Work task: Please restate the entries verbatim. The copy should hold no pictures.

=======

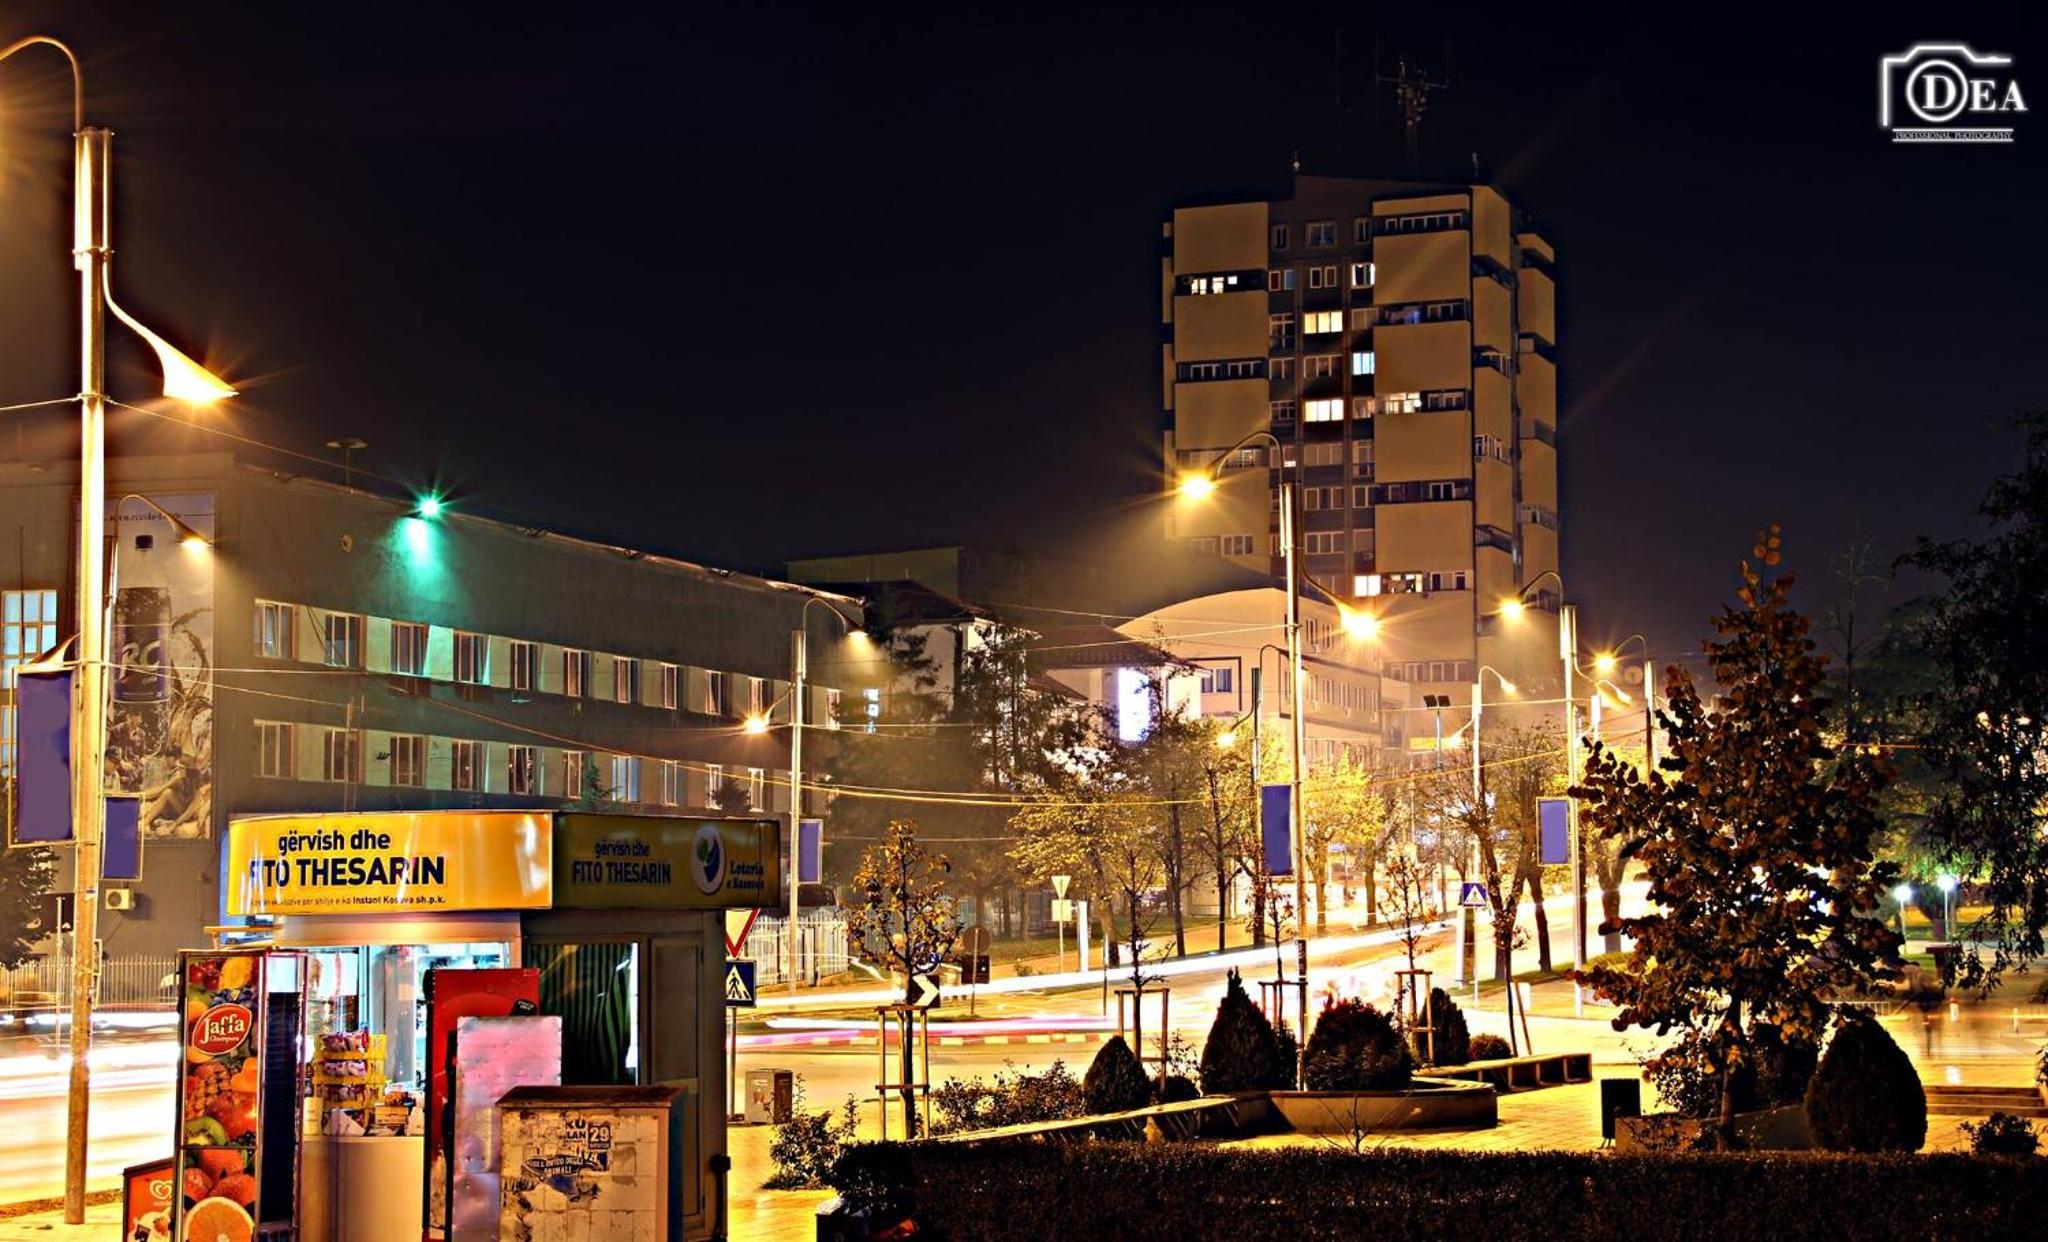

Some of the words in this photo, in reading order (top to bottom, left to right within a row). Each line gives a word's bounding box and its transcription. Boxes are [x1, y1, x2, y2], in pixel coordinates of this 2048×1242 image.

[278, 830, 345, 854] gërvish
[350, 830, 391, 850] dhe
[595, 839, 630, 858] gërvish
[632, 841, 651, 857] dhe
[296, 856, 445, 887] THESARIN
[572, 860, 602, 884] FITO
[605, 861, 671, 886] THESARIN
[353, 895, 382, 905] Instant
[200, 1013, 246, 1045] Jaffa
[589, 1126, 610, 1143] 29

=======

Answer box:
Some of the words in this photo, in reading order (top to bottom, left to right within a row). Each line gives a word's bounding box and its transcription. Boxes are [x1, y1, x2, y2], in pixel coordinates of this 2048×1242 image.

[278, 830, 345, 854] gërvish
[350, 830, 391, 850] dhe
[595, 839, 630, 858] gërvish
[632, 841, 651, 857] dhe
[296, 856, 445, 887] THESARIN
[572, 860, 602, 884] FITO
[605, 861, 671, 886] THESARIN
[353, 895, 382, 905] Instant
[200, 1013, 246, 1045] Jaffa
[589, 1126, 610, 1143] 29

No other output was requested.